#### Exercise goal:
Return all of the data exactly, omitting any images.

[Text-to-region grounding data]

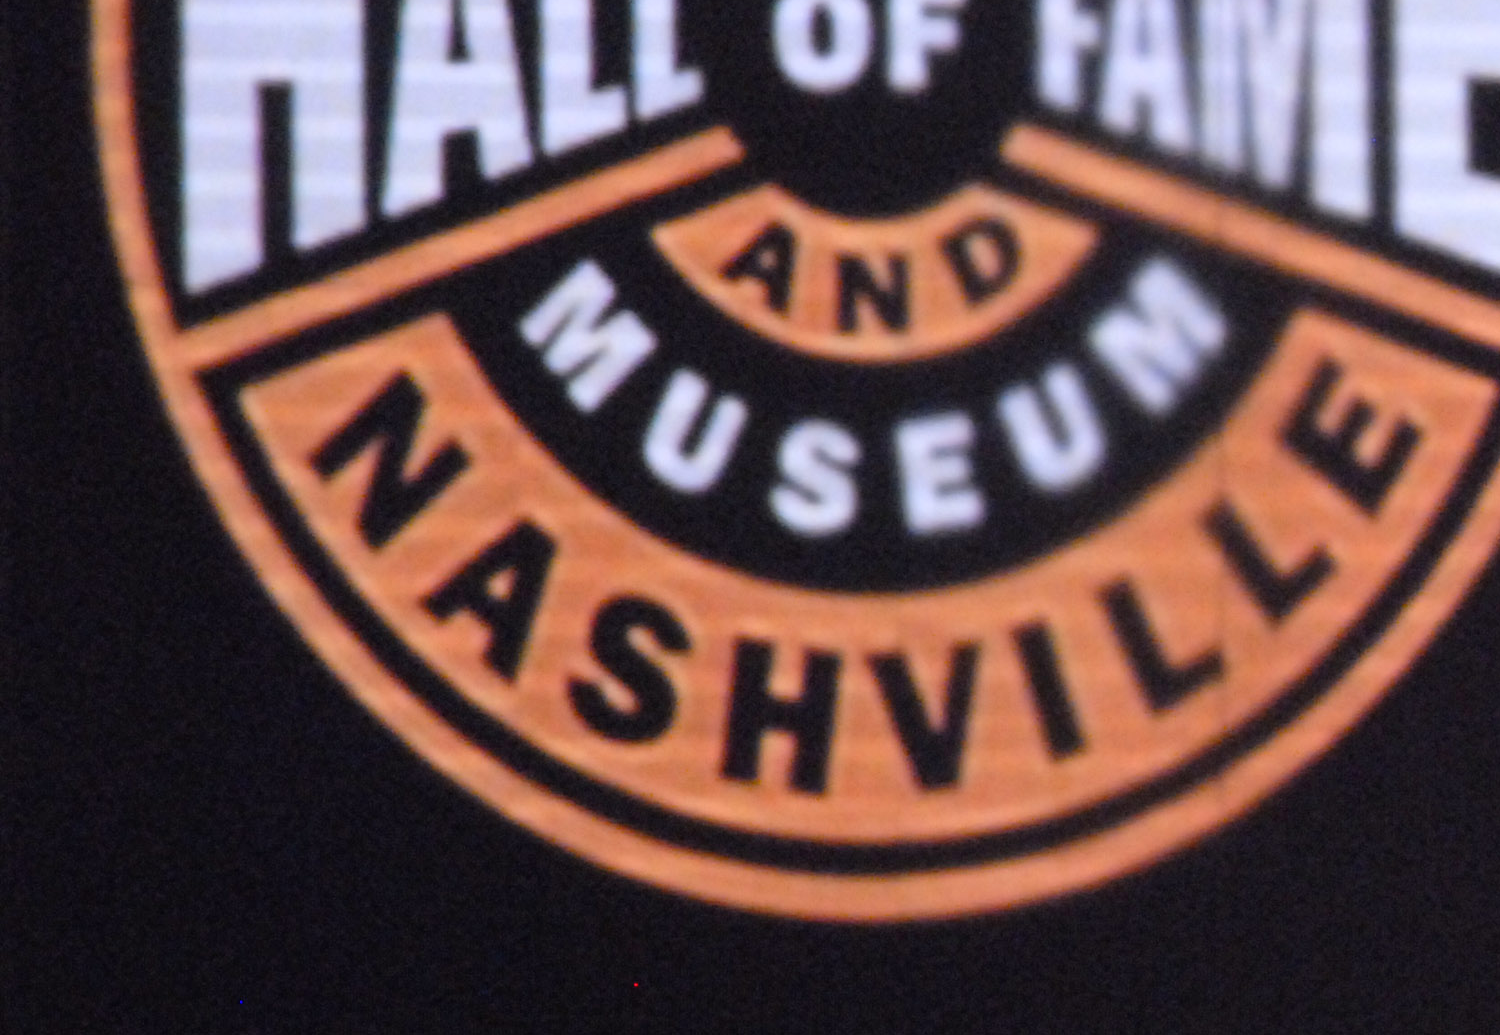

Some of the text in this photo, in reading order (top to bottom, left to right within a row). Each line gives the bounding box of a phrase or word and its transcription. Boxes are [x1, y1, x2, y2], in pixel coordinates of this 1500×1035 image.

[520, 257, 1228, 537] MUSEUM
[722, 217, 1018, 334] AND
[311, 355, 1424, 795] NASHVILLE
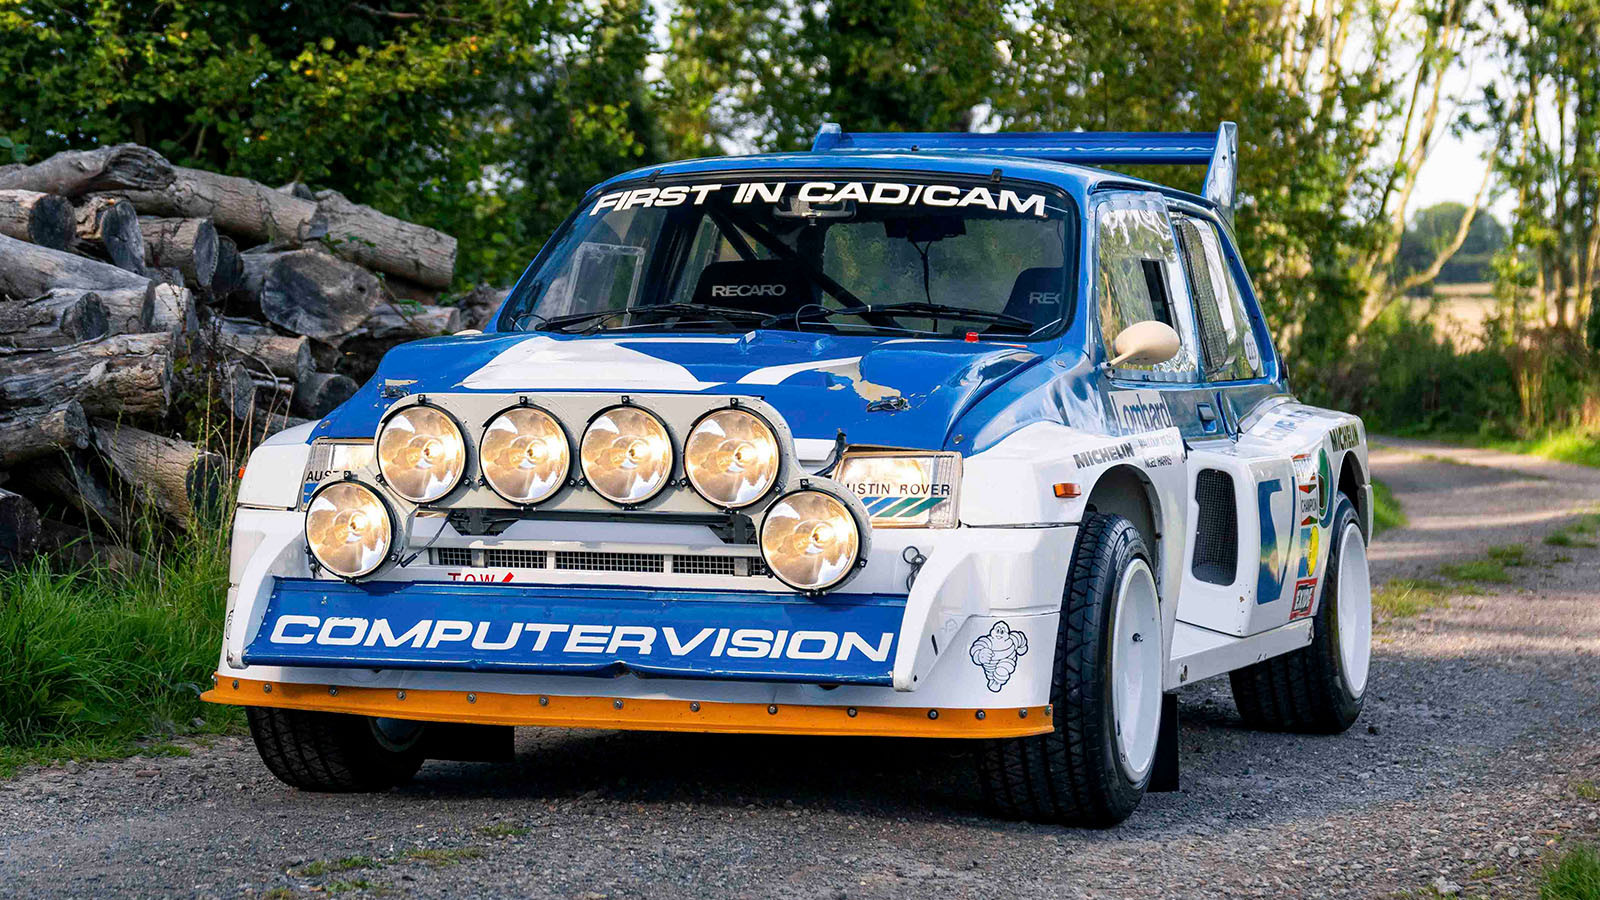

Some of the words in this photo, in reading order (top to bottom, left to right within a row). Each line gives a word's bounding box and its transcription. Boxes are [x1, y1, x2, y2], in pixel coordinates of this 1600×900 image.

[590, 184, 722, 216] FIRST
[733, 183, 786, 203] IN
[797, 182, 1046, 217] CAD/CAM
[711, 284, 787, 297] RECARO
[1110, 393, 1174, 435] Lombard
[1329, 422, 1360, 453] MICHELIN
[1073, 442, 1135, 469] MICHELIN
[900, 483, 950, 496] ROVER
[269, 614, 895, 662] COMPUTERVISION

#### Response:
Some of the text in this photo, in reading order (top to bottom, left to right within a row). Each line gives the bounding box of a phrase or word and its transcription. Boxes are [x1, y1, x2, y2], in pixel coordinates of this 1500×1035 image.

[520, 257, 1228, 537] MUSEUM
[722, 217, 1018, 334] AND
[311, 355, 1424, 795] NASHVILLE

Some of the words in this photo, in reading order (top to bottom, left to right within a row). Each line gives a word's bounding box and its transcription. Boxes are [x1, y1, x2, y2], in pixel coordinates of this 1600×900 image.

[590, 184, 722, 216] FIRST
[733, 183, 786, 203] IN
[797, 182, 1046, 217] CAD/CAM
[711, 284, 787, 297] RECARO
[1110, 393, 1174, 435] Lombard
[1329, 422, 1360, 453] MICHELIN
[1073, 442, 1135, 469] MICHELIN
[900, 483, 950, 496] ROVER
[269, 614, 895, 662] COMPUTERVISION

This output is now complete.